During his career Soane became increasingly preoccupied by the concept of memorialisation and the death of his beloved wife Eliza in 1815 amplified these concerns. The current exhibition marks the two hundred year anniversary of Eliza’s death. During her talk Helen Dorey introduced us to the complex nature of the Soane family relationships, revealing the blurred nature of his personal and professional life. The exhibition reveals that Soane believed the life failures of their son George had a major impact on the deterioration of his wife’s health.

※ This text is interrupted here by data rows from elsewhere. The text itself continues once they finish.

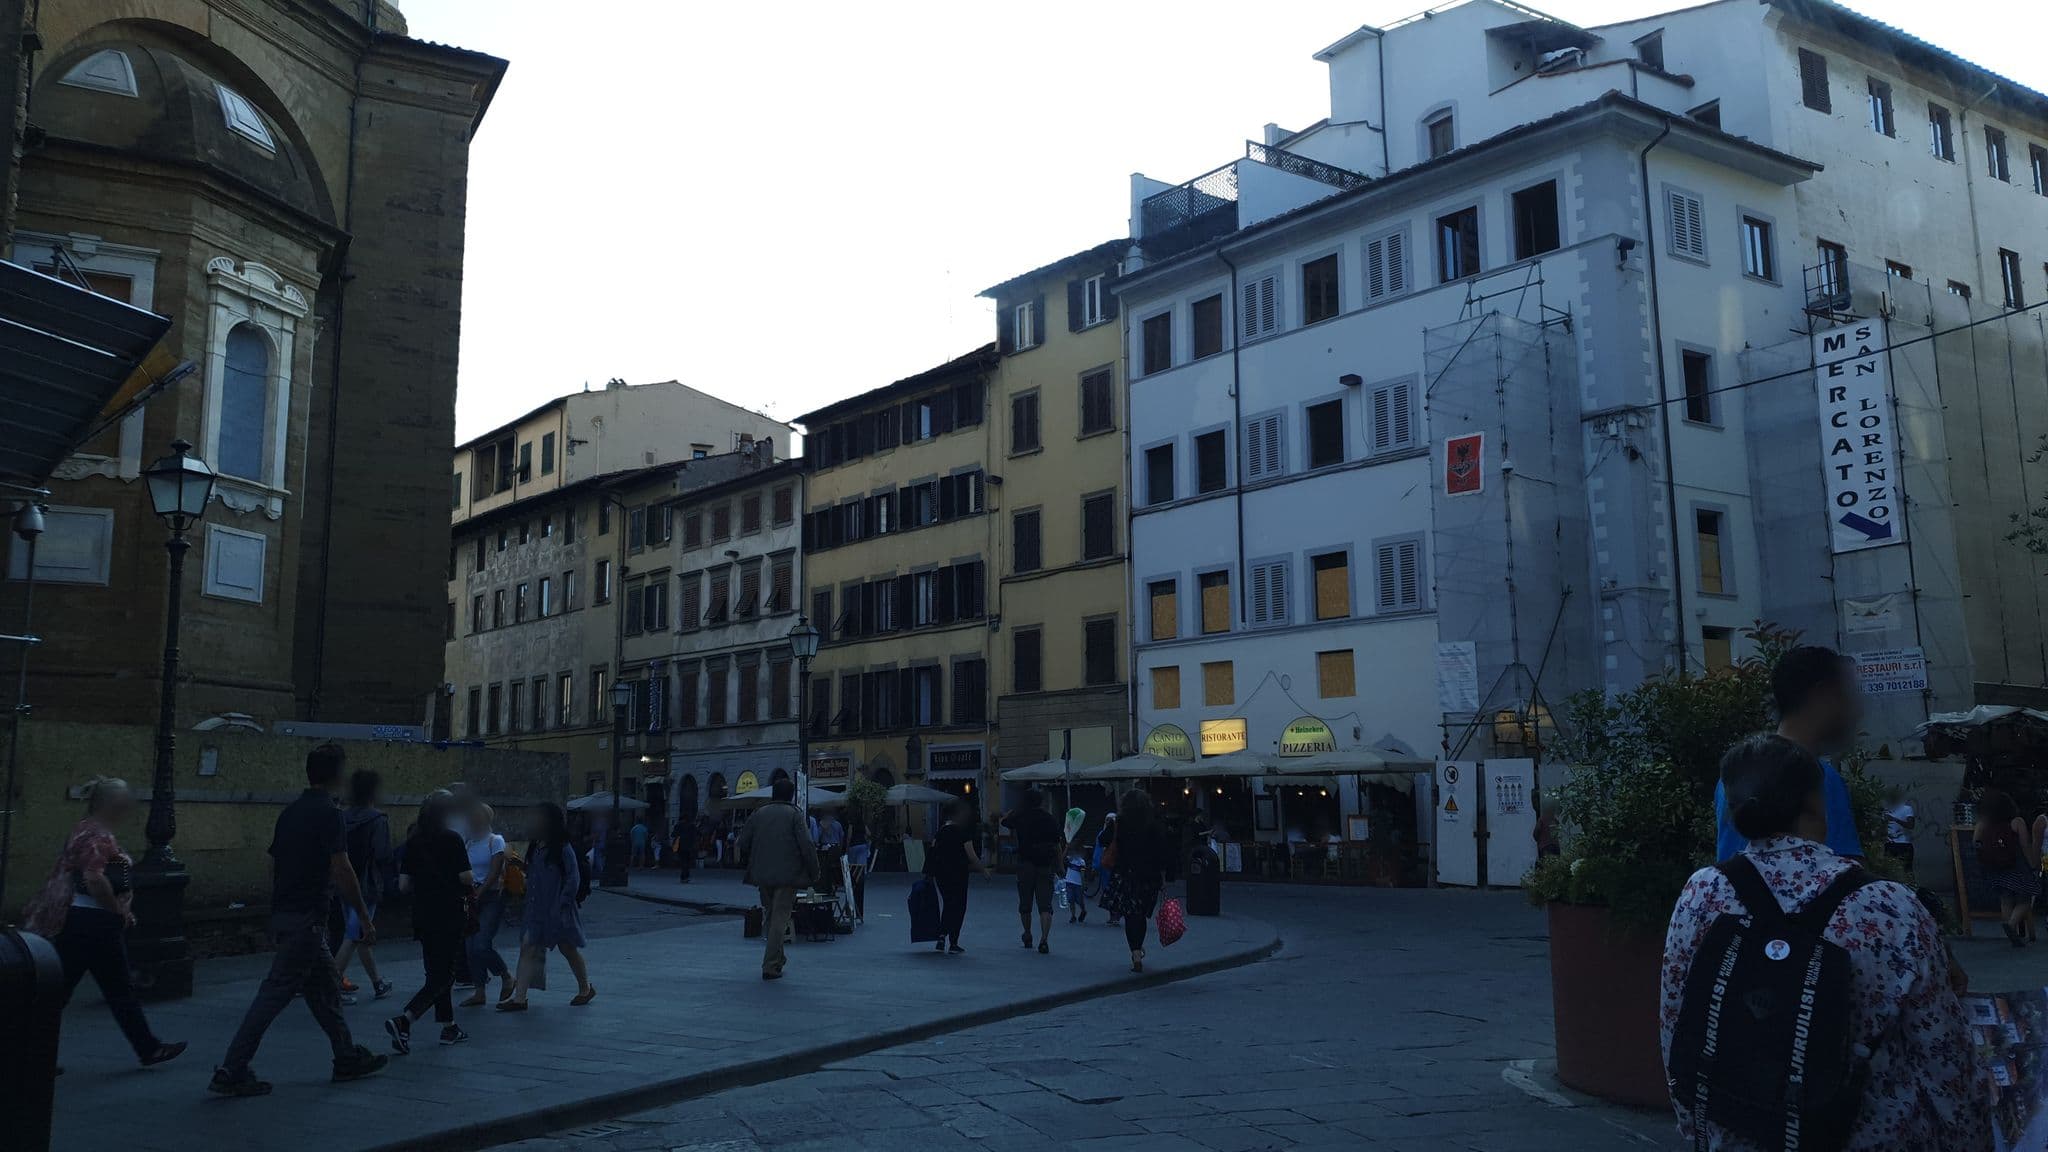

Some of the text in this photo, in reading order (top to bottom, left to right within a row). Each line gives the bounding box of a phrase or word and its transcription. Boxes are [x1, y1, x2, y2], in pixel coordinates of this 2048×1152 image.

[1856, 326, 1876, 377] SAN
[1823, 333, 1859, 508] MERCATO
[1859, 398, 1889, 519] LORENZO
[1869, 682, 1884, 692] 339
[1886, 680, 1925, 689] 7012188
[1295, 726, 1324, 734] Heineken
[1201, 732, 1245, 743] RISTORANTE
[1282, 743, 1332, 754] PIZZERIA
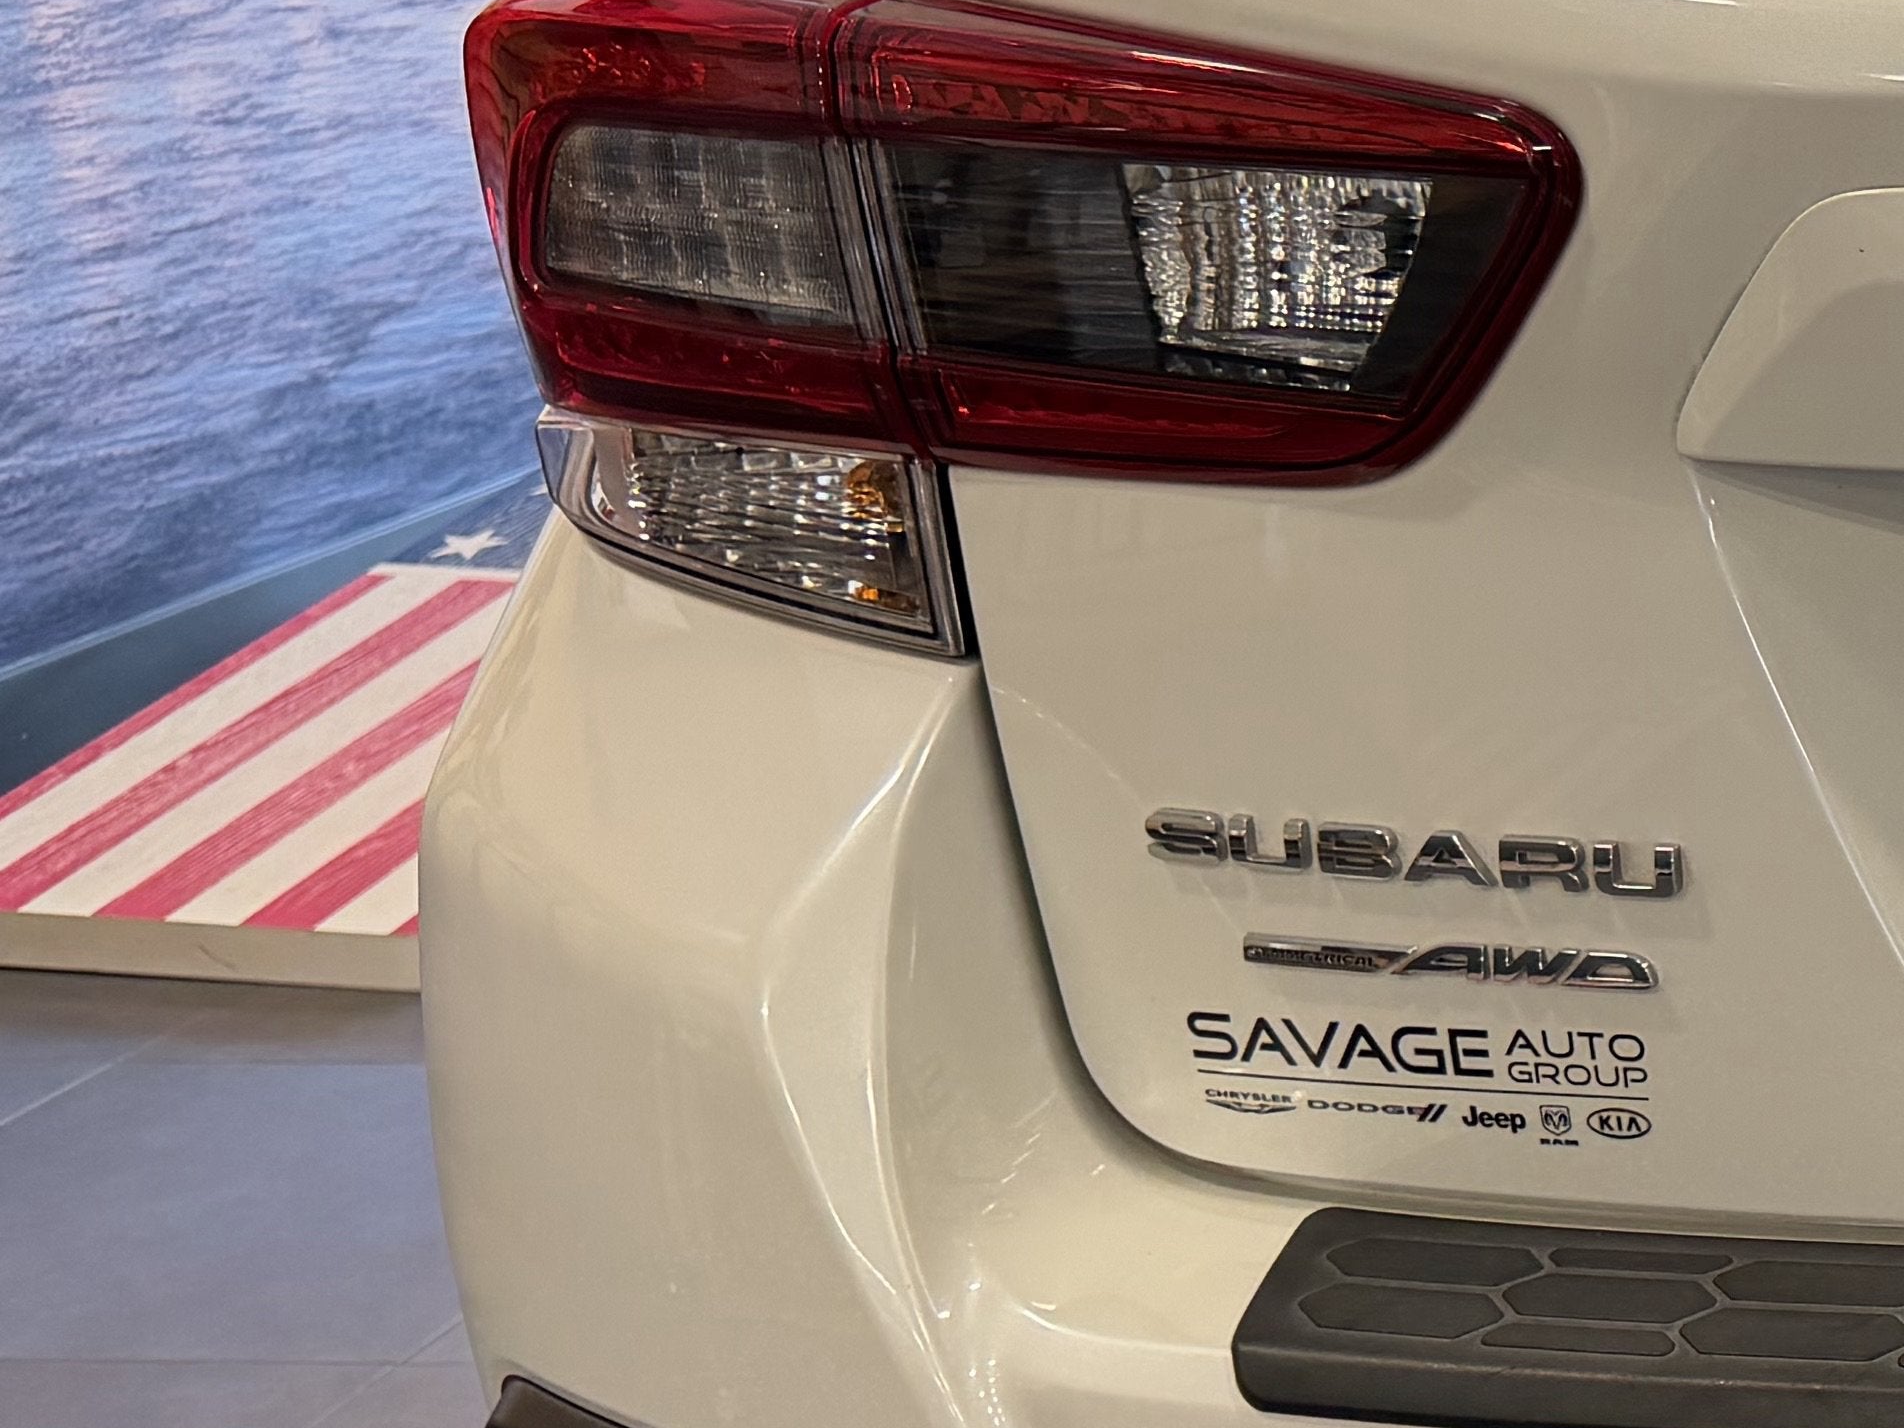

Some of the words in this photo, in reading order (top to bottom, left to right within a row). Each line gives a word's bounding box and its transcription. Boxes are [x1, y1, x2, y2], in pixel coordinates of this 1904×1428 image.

[1145, 807, 1684, 898] SUBARU
[1392, 943, 1660, 990] AWD
[1186, 1011, 1495, 1078] SAVAGE
[1504, 1028, 1646, 1061] AUTO
[1507, 1060, 1648, 1088] GROUP
[1205, 1088, 1293, 1104] CHRYSLER
[1307, 1099, 1432, 1119] DODGE
[1462, 1105, 1527, 1134] Jeep
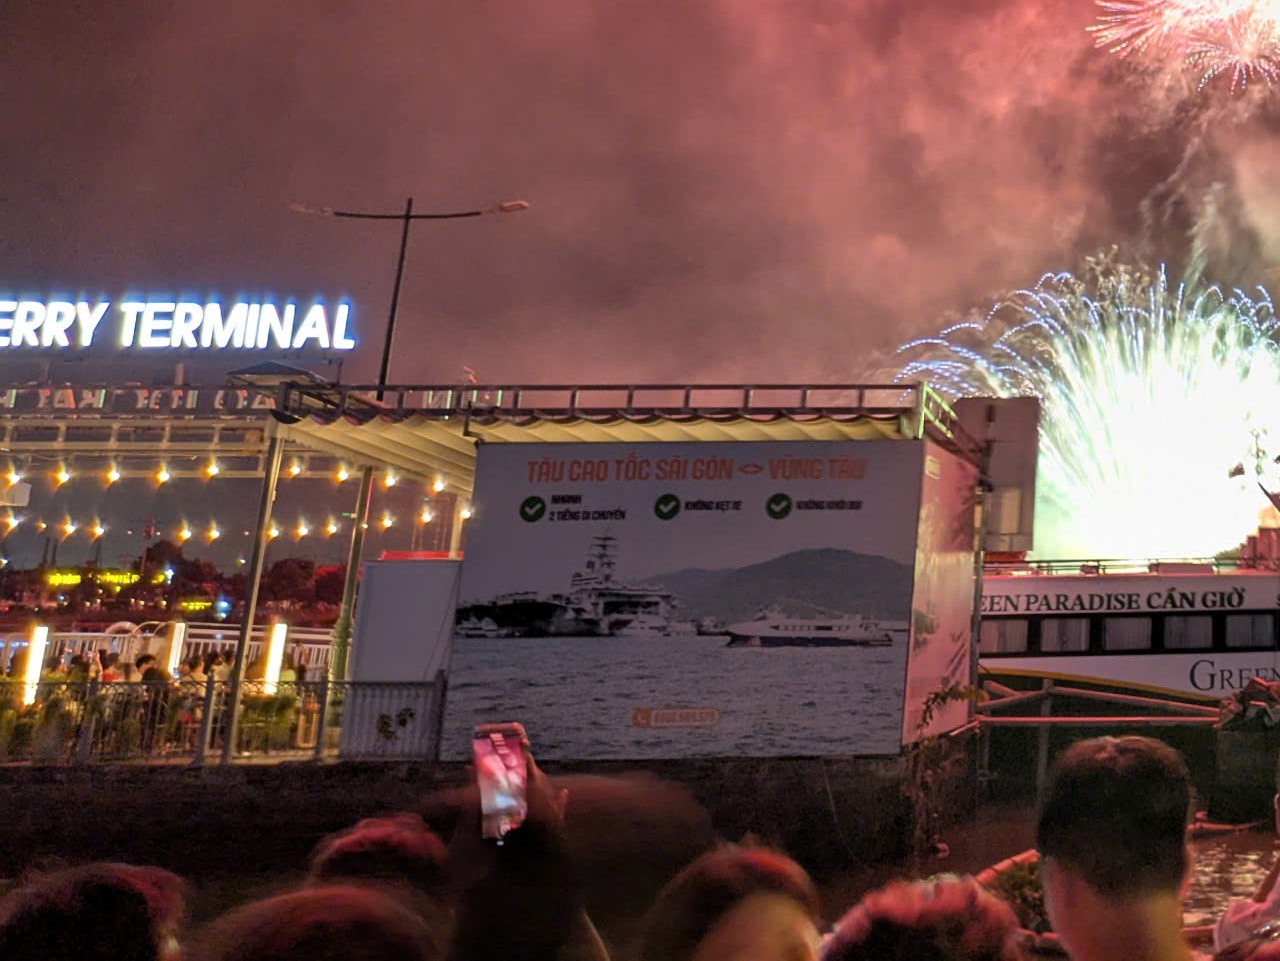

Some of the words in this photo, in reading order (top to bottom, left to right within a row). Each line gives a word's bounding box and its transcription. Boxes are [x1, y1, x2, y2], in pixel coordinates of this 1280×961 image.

[120, 302, 356, 349] TERMINAL
[568, 459, 609, 482] CAO
[1025, 592, 1141, 612] PARADISE
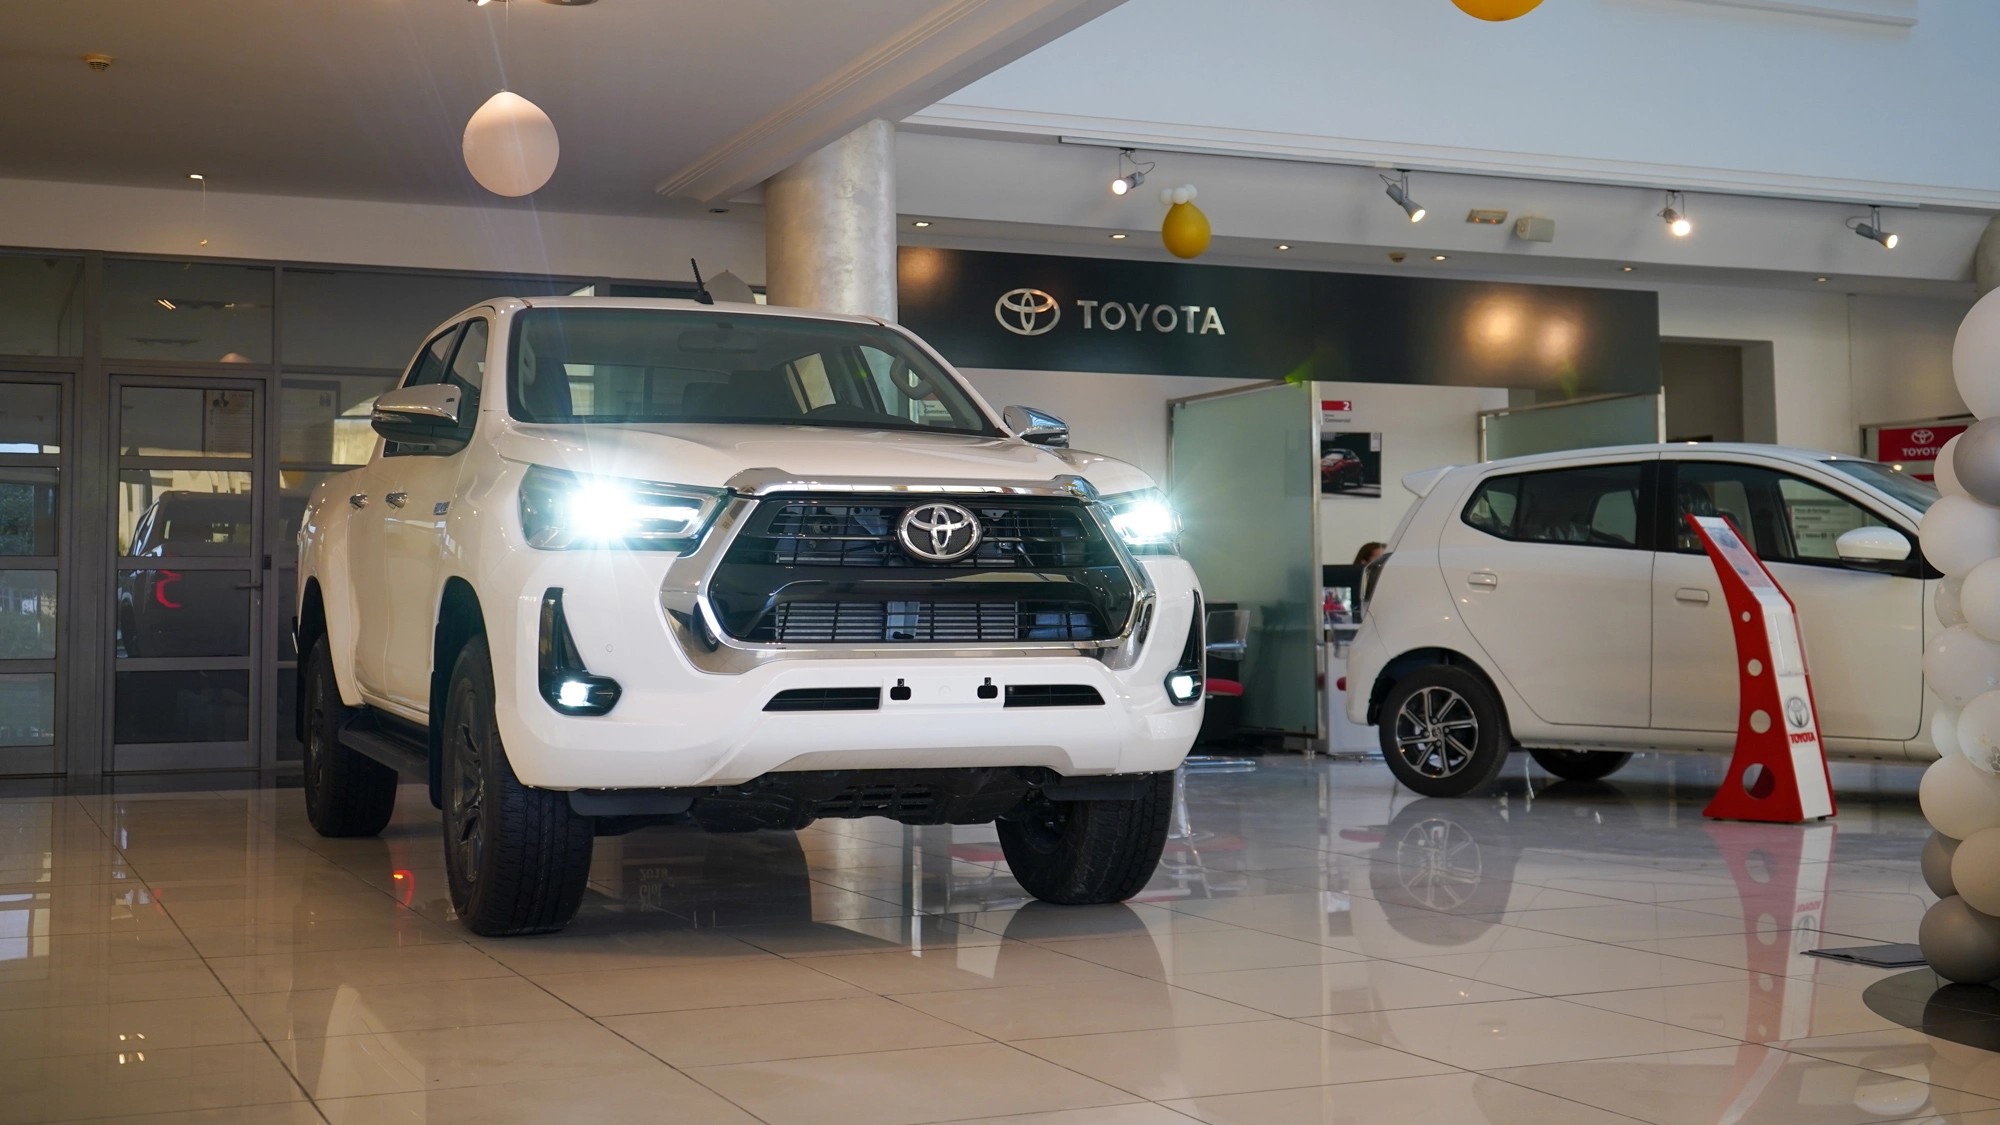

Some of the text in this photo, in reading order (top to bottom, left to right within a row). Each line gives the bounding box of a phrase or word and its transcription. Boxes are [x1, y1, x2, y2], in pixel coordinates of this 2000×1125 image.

[1077, 300, 1226, 335] TOYOTA
[1344, 401, 1350, 411] 2
[1790, 732, 1816, 744] TOYOTA

As Dorey delivered her account of the museum, the exhibition and Soane’s attitude towards his own legacy, I became increasingly aware of my place within the museum as a visitor—conscious of the ways in which Soane would have expected and hoped for me to view it. Dorey pointed out how the ancient vases perched on high shelves in the front dining room echo the format of a miniature model of an Etruscan tomb displayed in the exhibition. The room’s tomb-like quality is heightened by the knowledge of the fact that after his wife’s death Soane placed her coffin in this room for several days prior to the funeral. Through Dorey’s interpretation Soane’s voice was becoming increasingly recognisable.


The concept of the museum as a mausoleum, a site that deadens any object that enters it and effectively kills creative ingenuity, was an anxiety present at the foundation of the earliest museums in the seventeenth century. It is a concept perhaps most familiar to us from the Futurist manifestos like Fillipo Marinetti’s and permeated the literature of museum studies in the twentieth century. Although this museum’s identity seems intricately bound up in concepts of death, the site is not a stagnant time capsule but rather a place of inspiration. The museum continues to uphold its original mission as an active site of inspiration for contemporary architects—its link to The Bartlett is just one example of this. Even a museum whose founding ideals prescribe a strict framework on its curation is embracing the need to address contemporary art. Paddy Hartley recently exhibited a beautiful piece entitled Papaver Rhoeas. The work is tied to the theme of death and memory and was exhibited in what originally functioned as Soane’s breakfast room.


Although Soane specified that the museum’s architectural fabric and collection display should remain intact, naturally there have been exceptions to this ideal and over time curatorial decisions resulted in various alterations. This raises an interesting question. To what extent are museum leaders obliged to honour the ideals of their museum founders? The current identity of this museum remains closely bound to its founder’s intentions; to stray from his original concept would be to lose something of its integral nature.


If you have never visited Sir John Soane’s Museum, now is the perfect time. The current exhibition eloquently conveys the nature of Soane’s attitude towards death and his anxious obsession with memorialisation, enhancing the visitor’s experience of the museum as a whole.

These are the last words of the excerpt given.